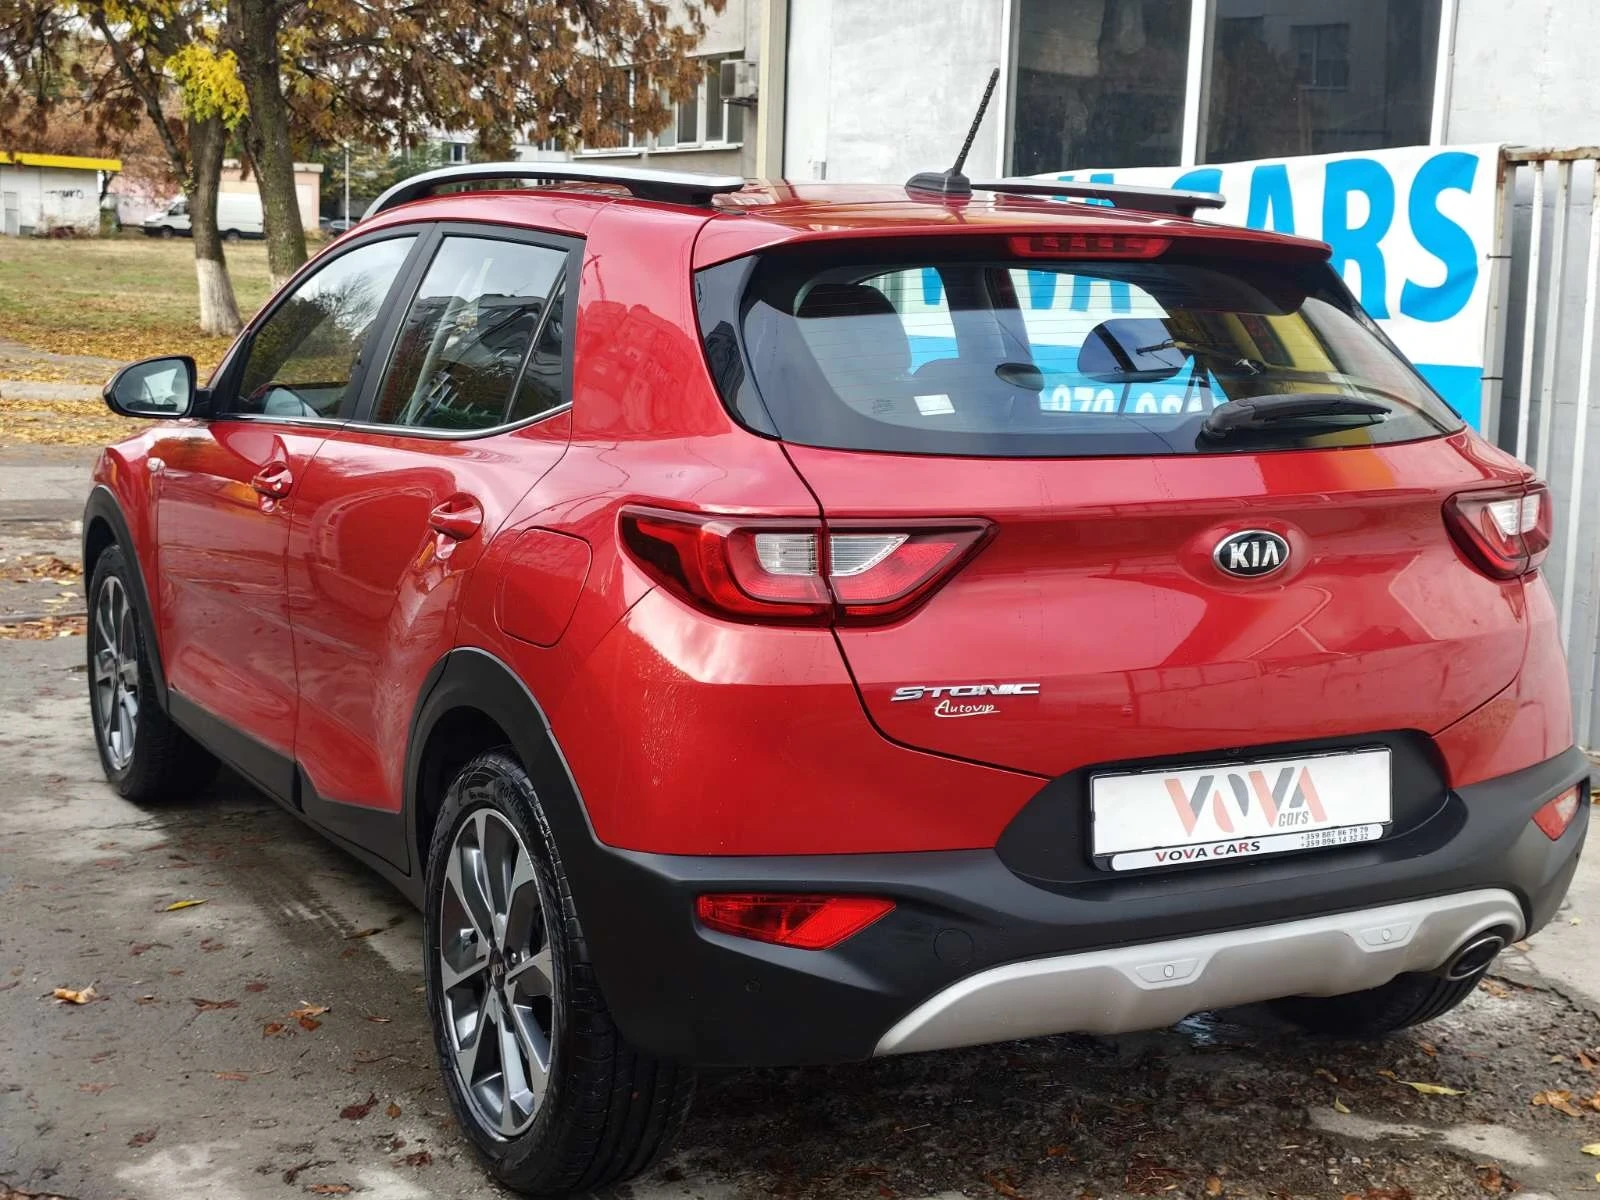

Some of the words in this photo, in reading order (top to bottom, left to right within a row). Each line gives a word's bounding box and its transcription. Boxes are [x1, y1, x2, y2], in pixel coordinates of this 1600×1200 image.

[1229, 540, 1280, 568] KIA
[891, 683, 1040, 701] STONIC
[934, 700, 1000, 718] Autovip
[1164, 766, 1328, 837] VOVA
[1155, 847, 1208, 862] VOVA
[1213, 841, 1261, 856] CARS
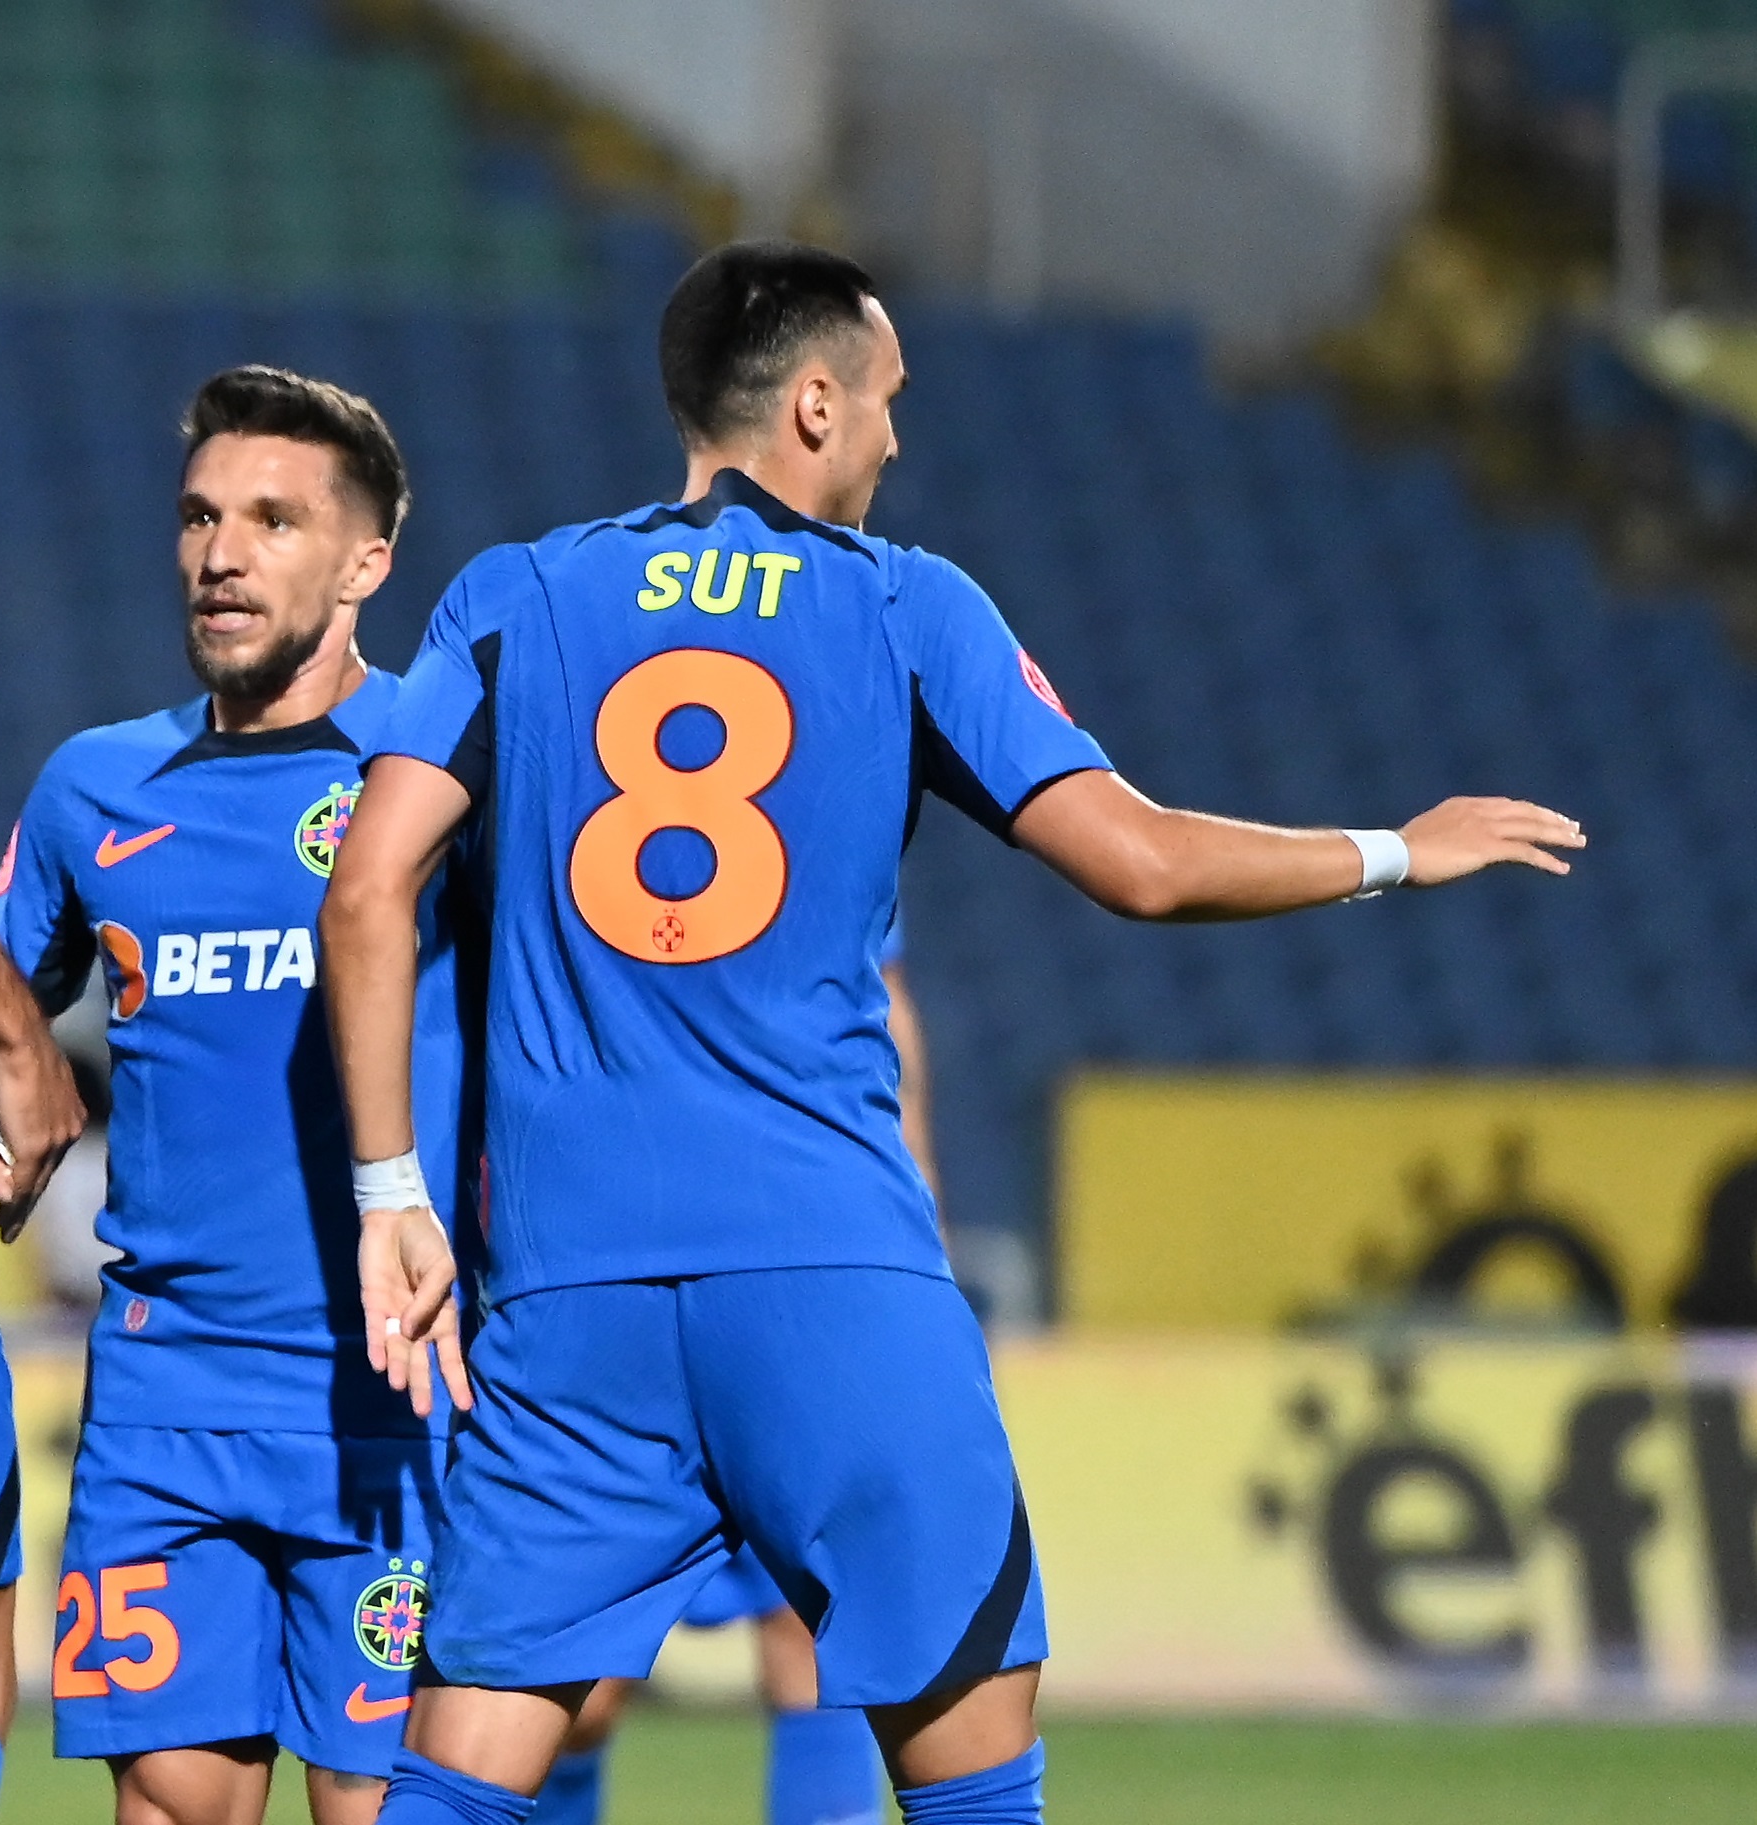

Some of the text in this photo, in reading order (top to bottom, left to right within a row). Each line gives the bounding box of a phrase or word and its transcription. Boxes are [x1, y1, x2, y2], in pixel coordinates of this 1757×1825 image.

[637, 548, 801, 618] SUT
[569, 646, 794, 964] 8
[153, 927, 317, 997] BETA
[52, 1561, 180, 1698] 25

**********

Copy the records above exactly. Do not carry any picture into the copy.

Some of the words in this photo, in reading order (top to bottom, left to right within a row). Each line gives a word's bounding box and its transcription. Boxes are [x1, y1, x2, y2], in pixel coordinates of this 1600×1200 image.

[1229, 540, 1280, 568] KIA
[891, 683, 1040, 701] STONIC
[934, 700, 1000, 718] Autovip
[1164, 766, 1328, 837] VOVA
[1155, 847, 1208, 862] VOVA
[1213, 841, 1261, 856] CARS

Some of the text in this photo, in reading order (top to bottom, left to right within a row). Each line gives the bounding box of a phrase or word and its transcription. Boxes are [x1, y1, x2, y2], in pixel coordinates of this 1757×1825 image.

[637, 548, 801, 618] SUT
[569, 646, 794, 964] 8
[153, 927, 317, 997] BETA
[52, 1561, 180, 1698] 25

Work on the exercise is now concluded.